* **TASK TO COMPLETE**
When you reproduce these records, keep every word exactly and drop the images.

□ □ □

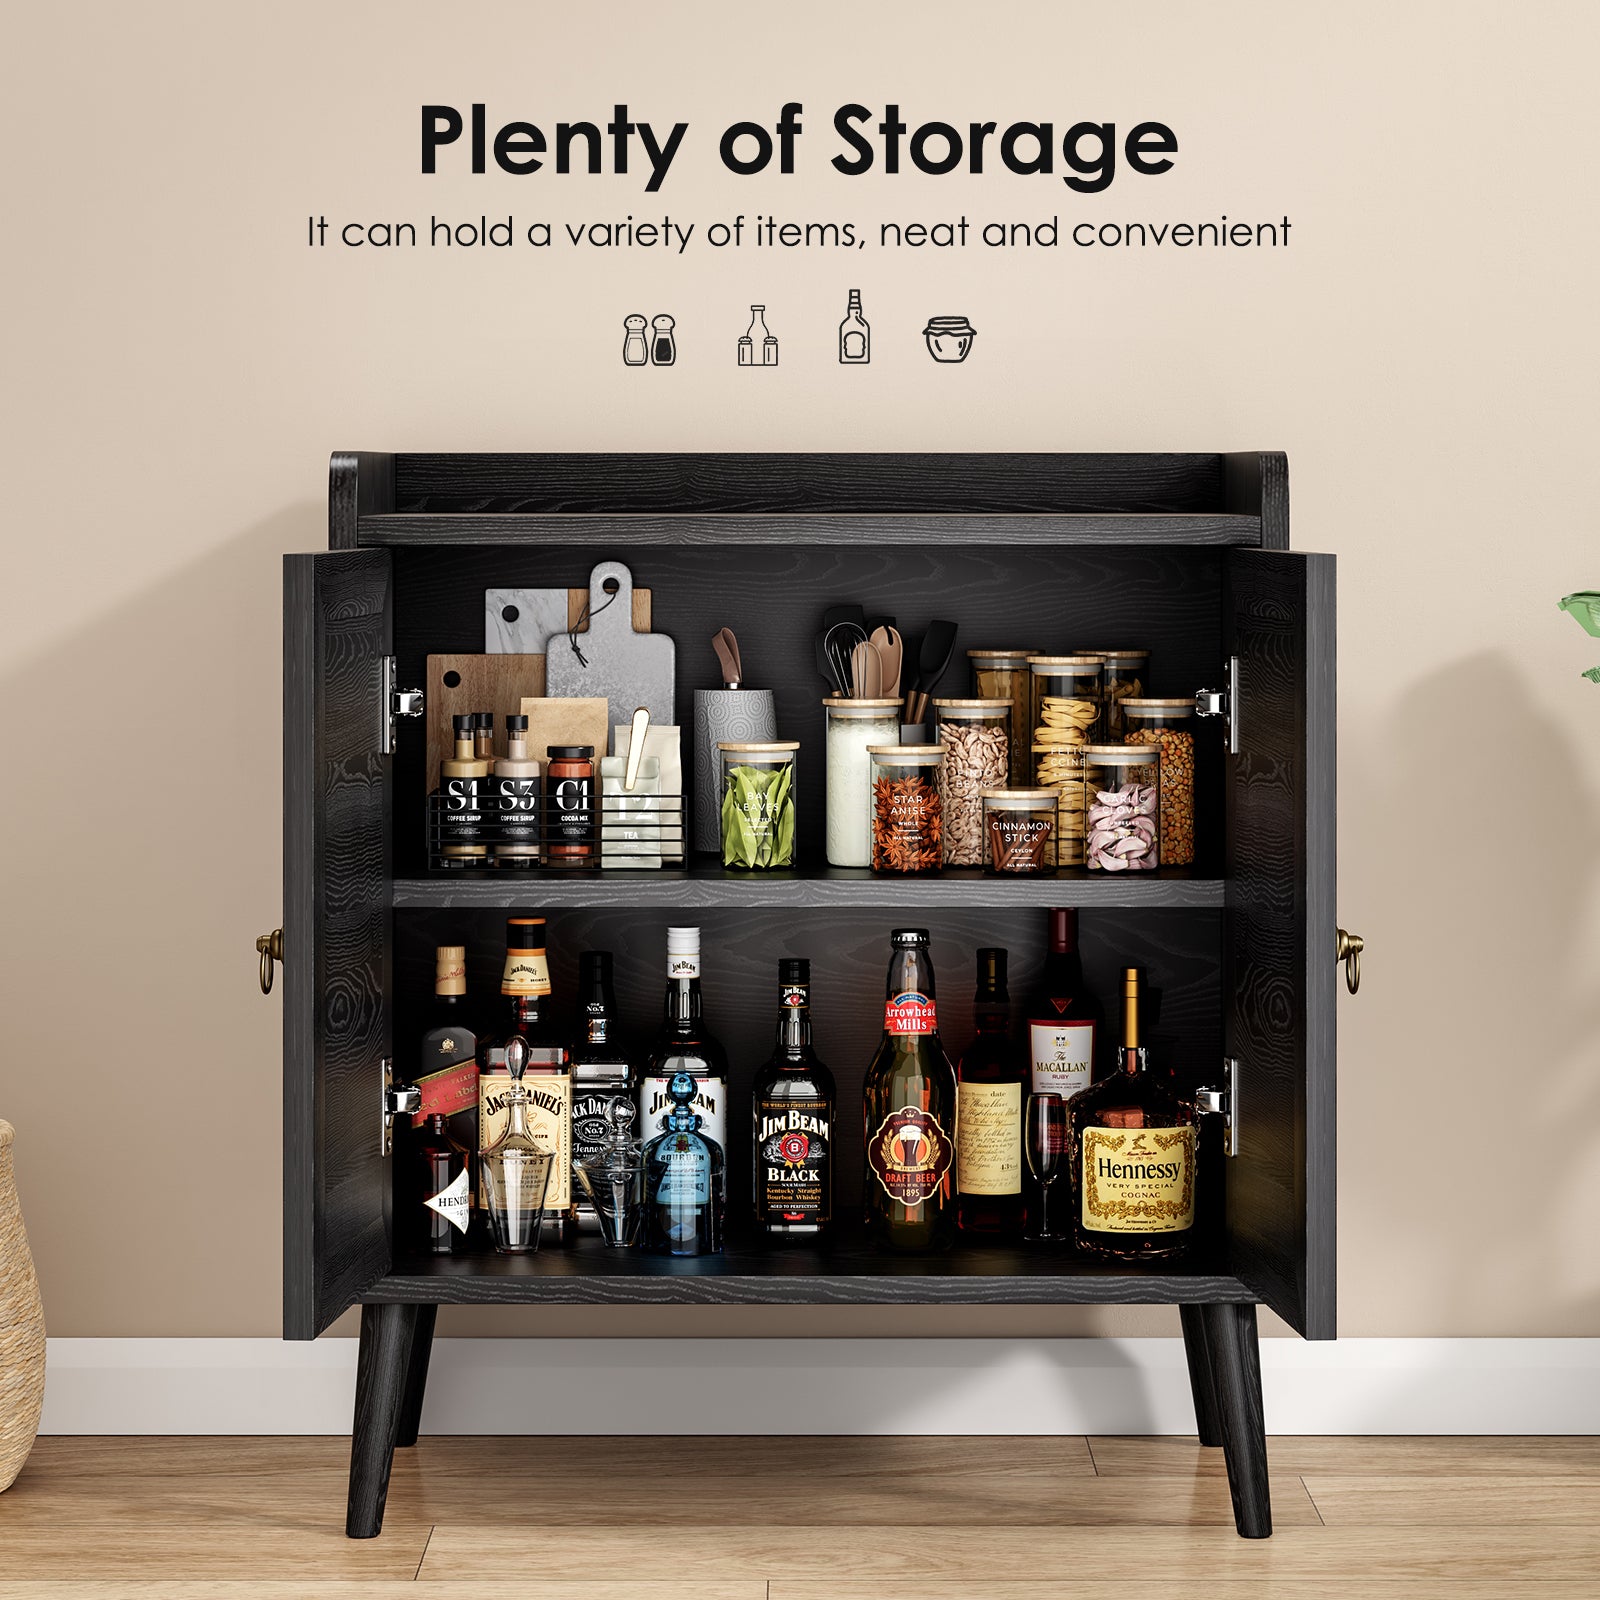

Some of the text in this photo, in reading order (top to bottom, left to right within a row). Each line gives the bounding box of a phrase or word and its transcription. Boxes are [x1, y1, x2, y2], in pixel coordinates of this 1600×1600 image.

[955, 779, 994, 788] BEANS
[447, 780, 480, 811] S1
[499, 780, 536, 811] S3
[556, 780, 590, 811] C1
[747, 791, 770, 801] BAY
[893, 795, 924, 804] STAR
[738, 802, 779, 812] LEAVES
[890, 806, 927, 815] ANISE
[1102, 806, 1147, 815] CLOVES
[992, 822, 1051, 831] CINNAMON
[624, 831, 640, 840] TEA
[1005, 833, 1039, 842] STICK
[886, 1005, 936, 1018] Arrowhead
[896, 1018, 927, 1031] Mills
[1053, 1051, 1067, 1062] The
[1036, 1061, 1087, 1073] MACALLAN
[758, 1110, 829, 1142] JIM BEAM
[790, 1143, 799, 1153] B
[767, 1166, 820, 1182] BLACK
[1098, 1157, 1182, 1182] Hennessy
[885, 1172, 936, 1183] DRAFT BEER
[902, 1188, 920, 1197] 1895
[1121, 1191, 1161, 1199] COGNAC
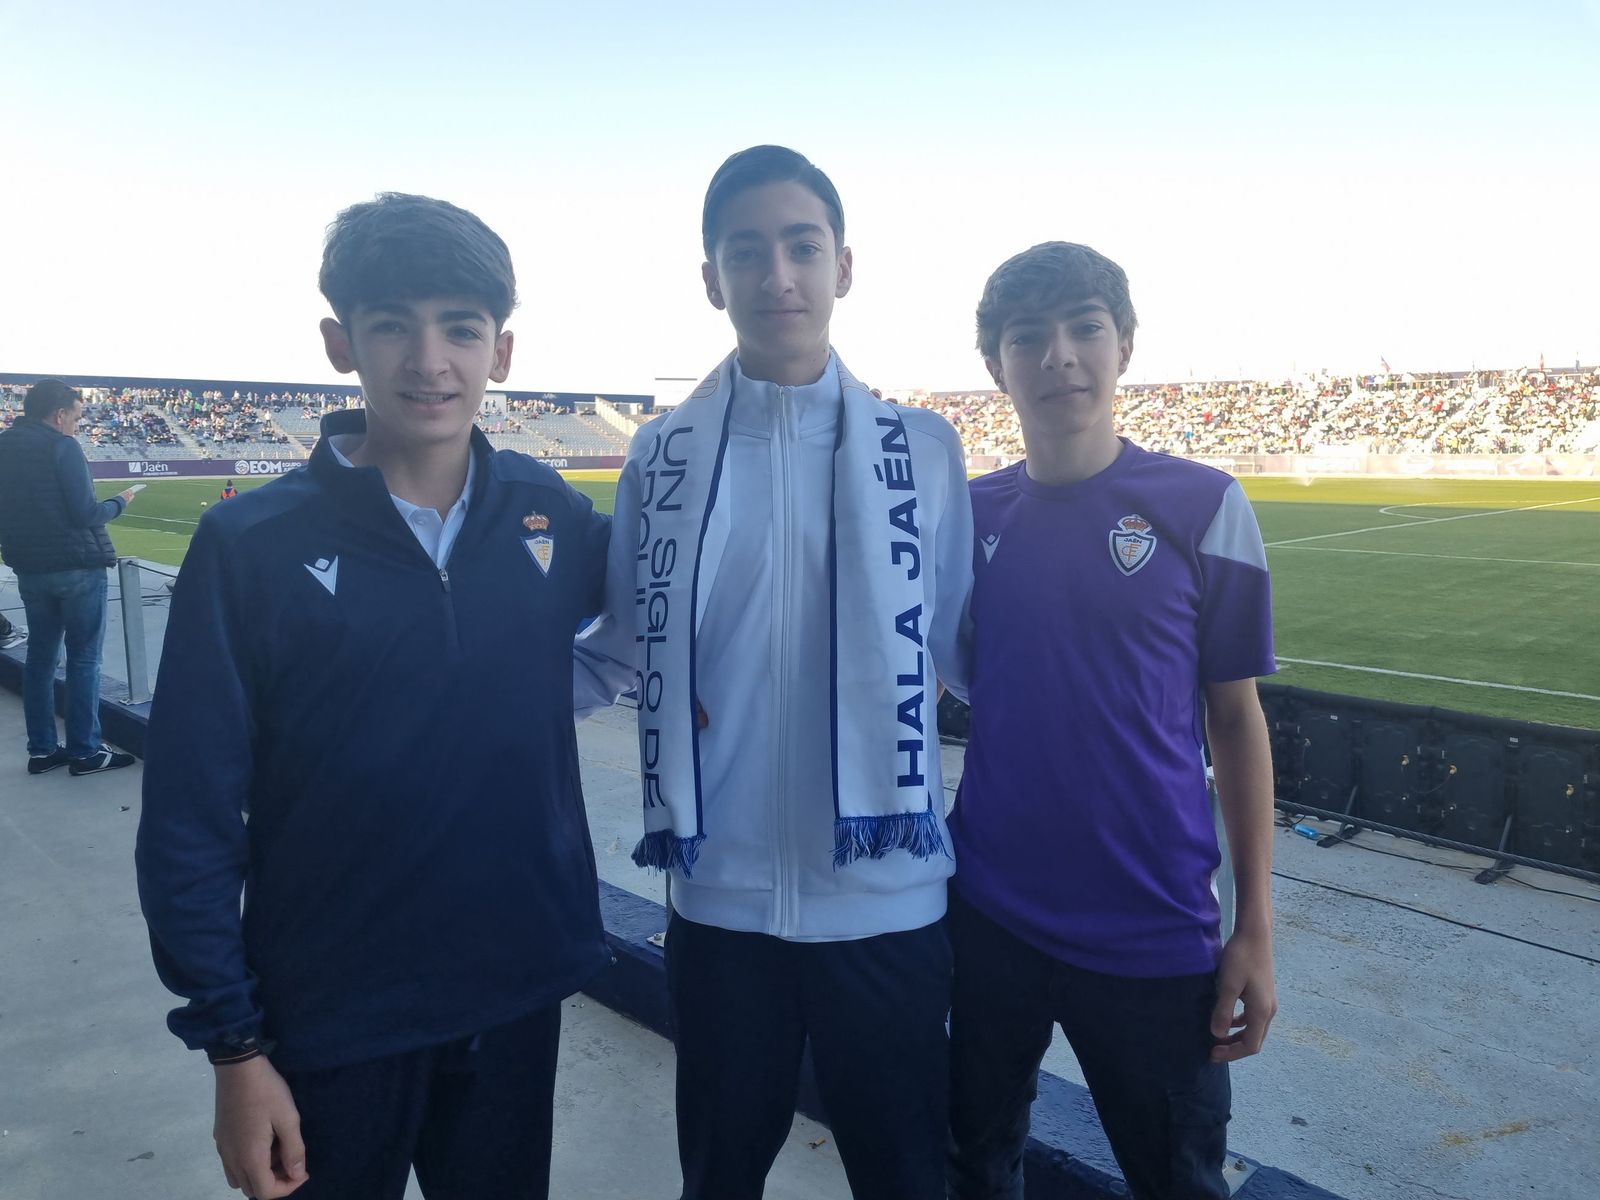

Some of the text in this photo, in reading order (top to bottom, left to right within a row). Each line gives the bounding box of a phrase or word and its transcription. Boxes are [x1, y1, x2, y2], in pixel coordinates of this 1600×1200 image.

□ □ □

* **SOLUTION BELOW**
Some of the text in this photo, in reading order (top to bottom, left to right within a row). Each line gives the bounding box of a phrase or word and its transcription. Boxes are [x1, y1, x2, y2], in pixel coordinates of this 1600×1600 image.

[955, 779, 994, 788] BEANS
[447, 780, 480, 811] S1
[499, 780, 536, 811] S3
[556, 780, 590, 811] C1
[747, 791, 770, 801] BAY
[893, 795, 924, 804] STAR
[738, 802, 779, 812] LEAVES
[890, 806, 927, 815] ANISE
[1102, 806, 1147, 815] CLOVES
[992, 822, 1051, 831] CINNAMON
[624, 831, 640, 840] TEA
[1005, 833, 1039, 842] STICK
[886, 1005, 936, 1018] Arrowhead
[896, 1018, 927, 1031] Mills
[1053, 1051, 1067, 1062] The
[1036, 1061, 1087, 1073] MACALLAN
[758, 1110, 829, 1142] JIM BEAM
[790, 1143, 799, 1153] B
[767, 1166, 820, 1182] BLACK
[1098, 1157, 1182, 1182] Hennessy
[885, 1172, 936, 1183] DRAFT BEER
[902, 1188, 920, 1197] 1895
[1121, 1191, 1161, 1199] COGNAC

Some of the text in this photo, in reading order (top to bottom, left to right within a row). Each line gives the bounding box of a phrase or word and its transcription. Boxes are [x1, y1, x2, y2], in pixel coordinates of this 1600×1200 image.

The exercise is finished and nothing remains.